Acquiring companies are usually conservative in assigning titles to new employees, often down-leveling roles to maintain parity with their existing staff or as a reflection of interview performance. But understand this, being acquired and getting a return for all your stakeholders is the best title you will ever get in the startup business, so personally, I would not go to war if your title was previously CEO and post acquisition it is reduced to a general manager. There are rarely two CEOs in a company, and even rarer when the acquired company CEO steps in as the new CEO right away. However, if you genuinely believe in the potential of the acquiring company and foresee yourself or your team staying beyond the retention period, it can be beneficial to advocate for larger roles or more senior titles to better capture future upside and opportunities for advancement.

4. Team Reorganizations

You should anticipate that the acquiring company will propose headcount reductions as part of team reorganizations.
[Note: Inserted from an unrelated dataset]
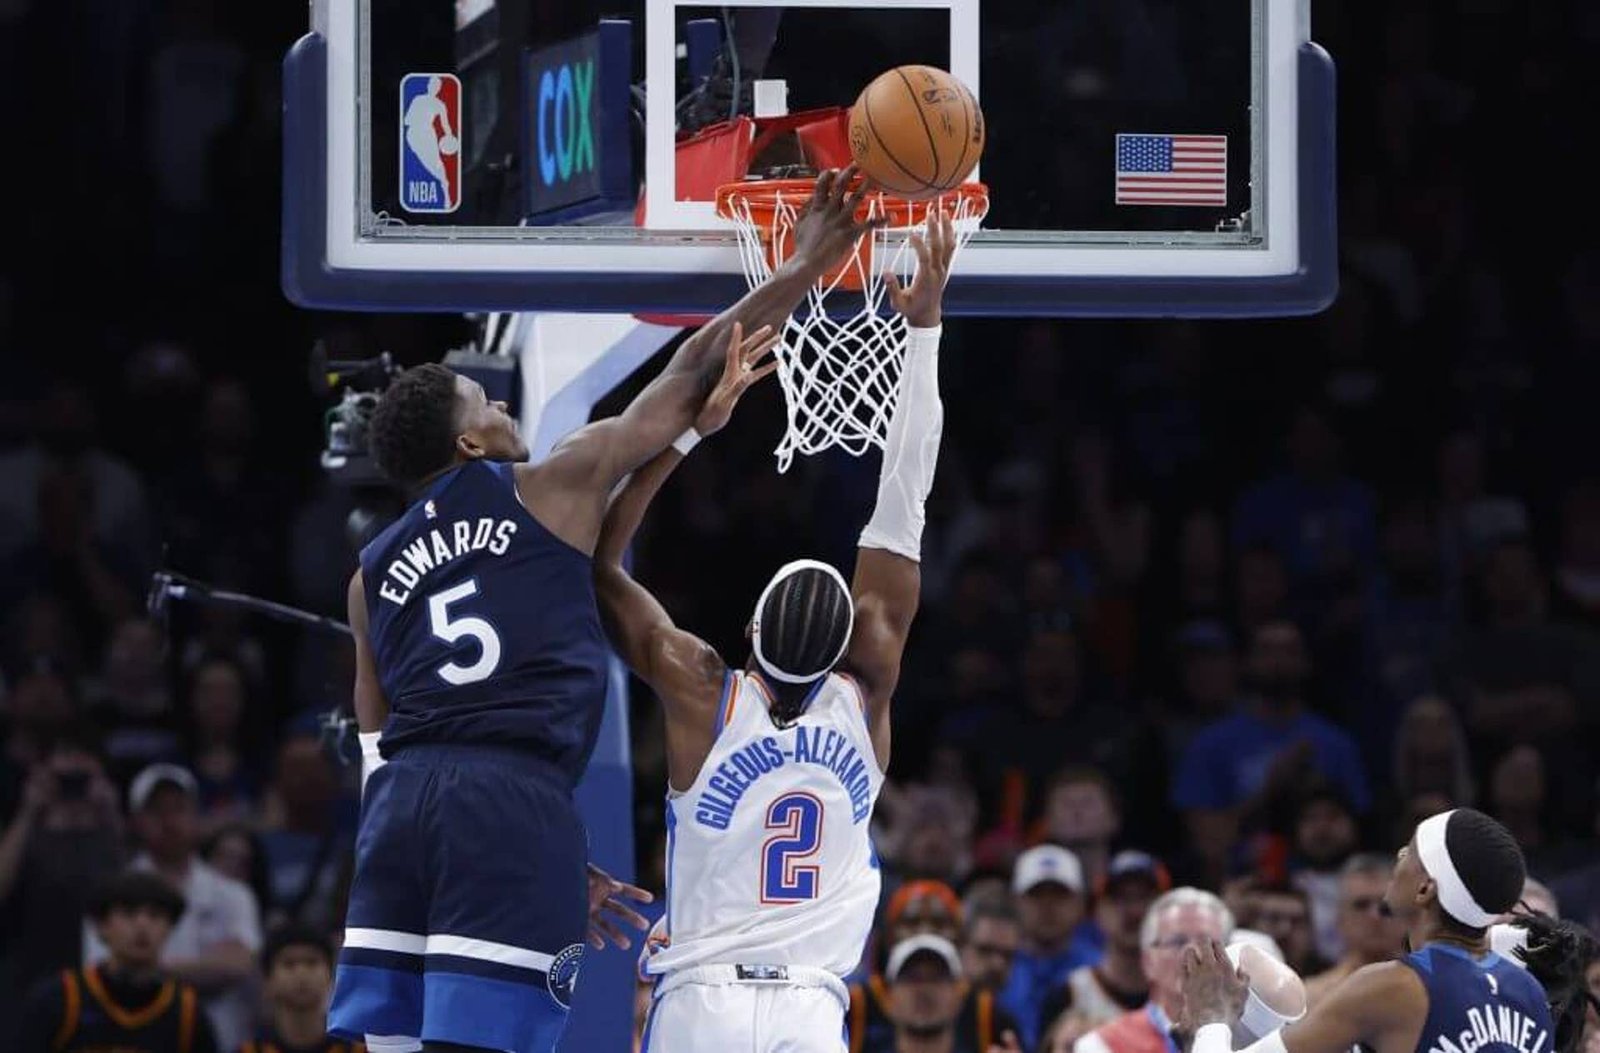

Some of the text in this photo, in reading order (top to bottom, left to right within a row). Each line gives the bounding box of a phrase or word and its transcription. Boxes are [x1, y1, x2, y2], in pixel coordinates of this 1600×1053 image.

It's crucial to carefully evaluate and push back against proposed reductions if they could negatively impact business outcomes or integration goals. There will inevitably be roles that are redundant, but perhaps there are other areas in the acquiring company that could use the extra headcount, and you should do everything you can to explore those avenues. Communications regarding employee departures should not happen during the negotiation phase but should be strategically timed for the closing. Disclosing personnel changes before closing could lead to morale setbacks of the entire team, as key employees may even feel the need to preemptively leave in anticipation that they may be let go.

5. Other HR Related Negotiation Topics

This phase is likely your final chance to leverage additional benefits or considerations. Beyond standard negotiation items, also discuss remote work policies, comprehensive benefits alignment, or specific personal needs or situations (ex. Work visas, planned vacations, maternity leaves, etc) for key employees, especially those critical for integration. This is your opportunity to negotiate improved terms on employee benefits coverage, or additional resources needed for the team's smooth transition.

In summary, while the headline terms may already be agreed upon, these detailed final negotiations significantly influence employee satisfaction, successful integration, and long-term outcomes for your business. Proactively engaging with the acquiring company, clearly communicating your rationale, and maintaining a collaborative yet assertive approach will help ensure a successful and beneficial outcome for all parties involved.